● To do
Excluding pictures, give the entries again exactly as they appear.

● Source material
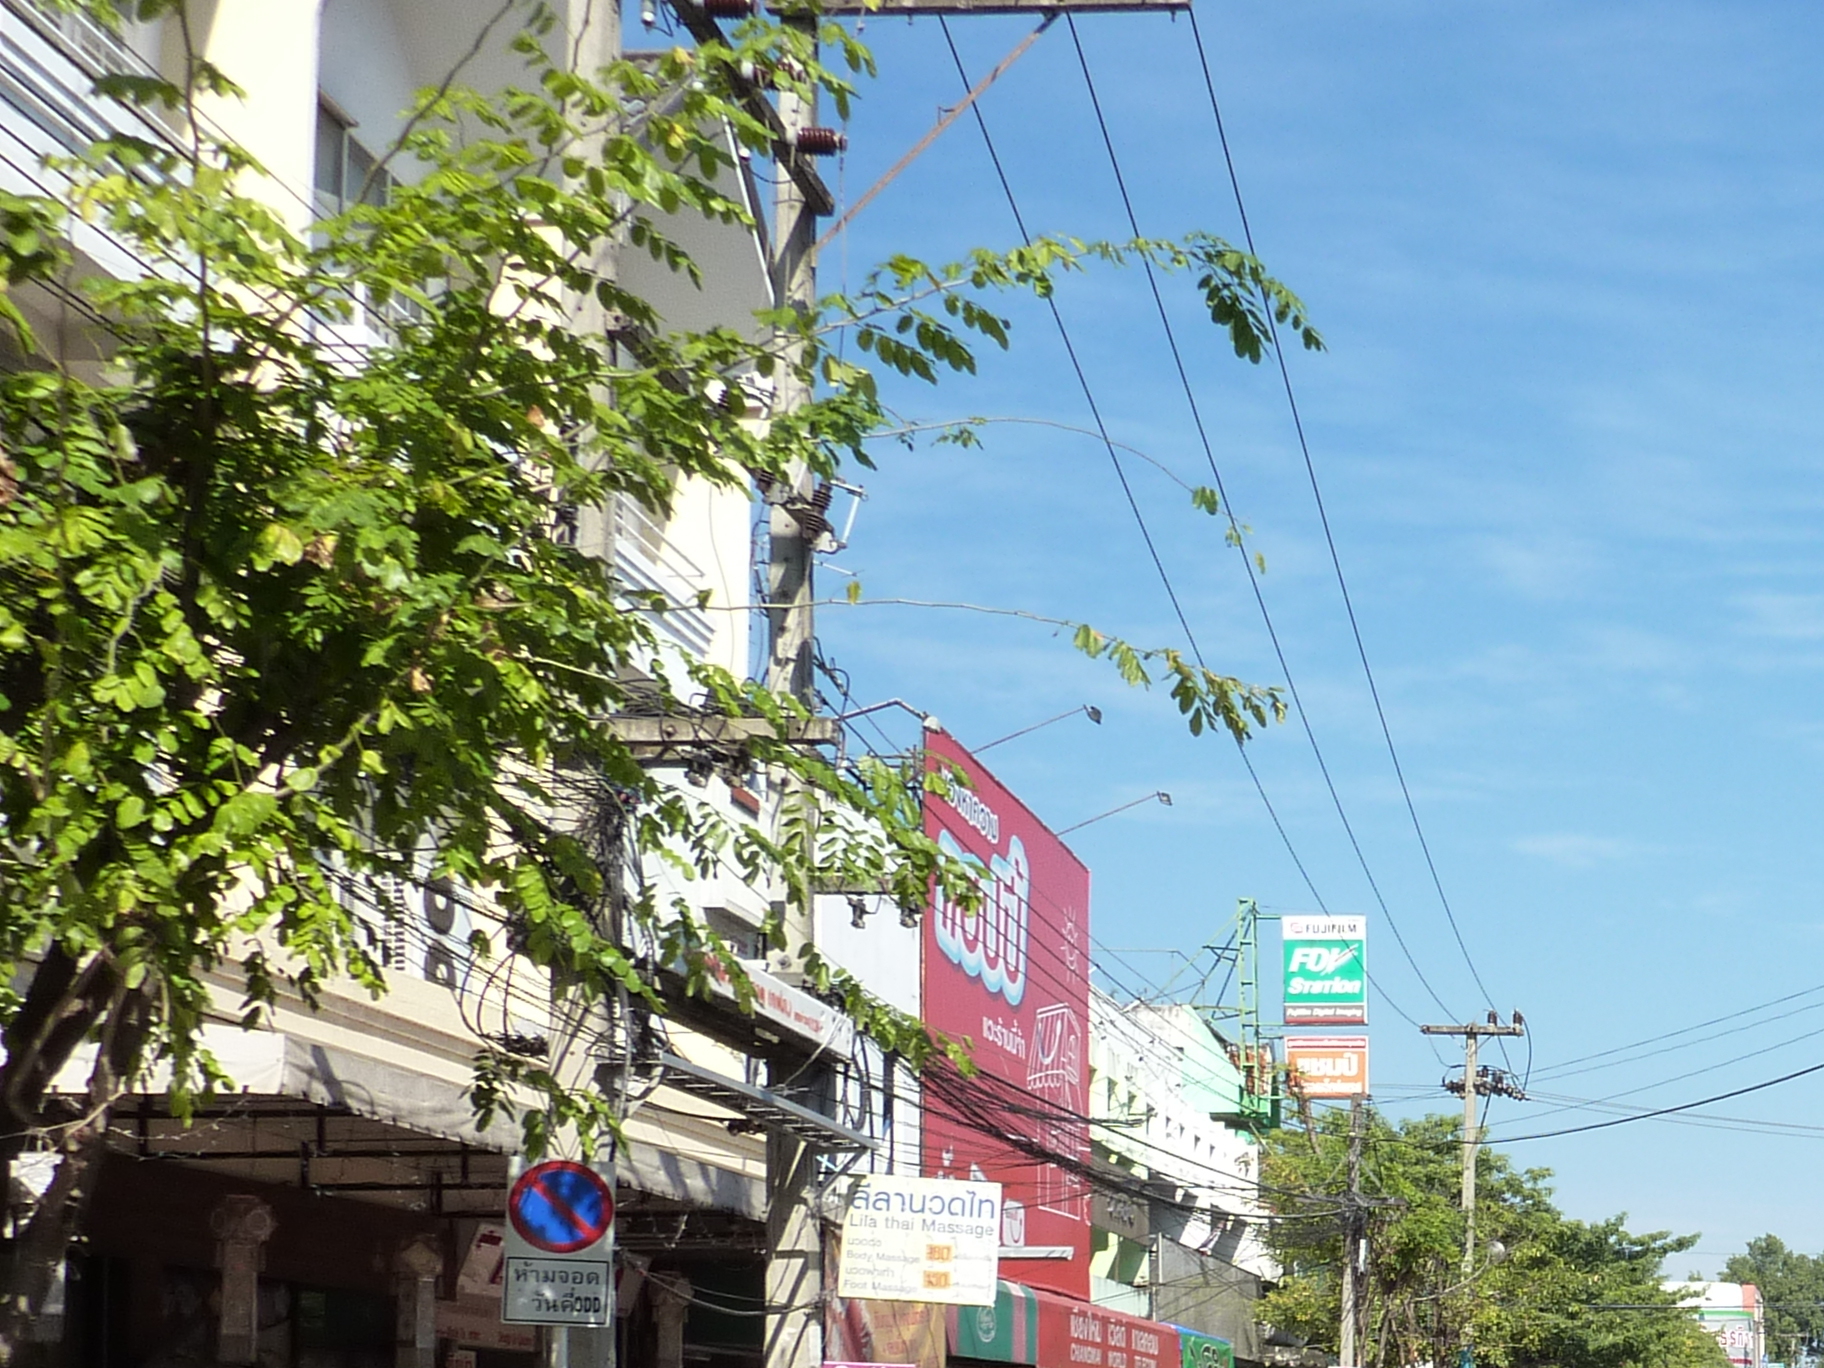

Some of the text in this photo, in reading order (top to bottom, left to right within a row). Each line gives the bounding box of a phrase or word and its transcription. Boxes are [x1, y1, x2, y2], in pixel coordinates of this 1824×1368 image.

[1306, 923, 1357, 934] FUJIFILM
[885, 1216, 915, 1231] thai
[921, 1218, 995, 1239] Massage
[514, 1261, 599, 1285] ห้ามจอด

● Answer area
Some of the text in this photo, in reading order (top to bottom, left to right within a row). Each line gives the bounding box of a phrase or word and its transcription. Boxes are [x1, y1, x2, y2], in pixel coordinates of this 1824×1368 image.

[1306, 923, 1357, 934] FUJIFILM
[885, 1216, 915, 1231] thai
[921, 1218, 995, 1239] Massage
[514, 1261, 599, 1285] ห้ามจอด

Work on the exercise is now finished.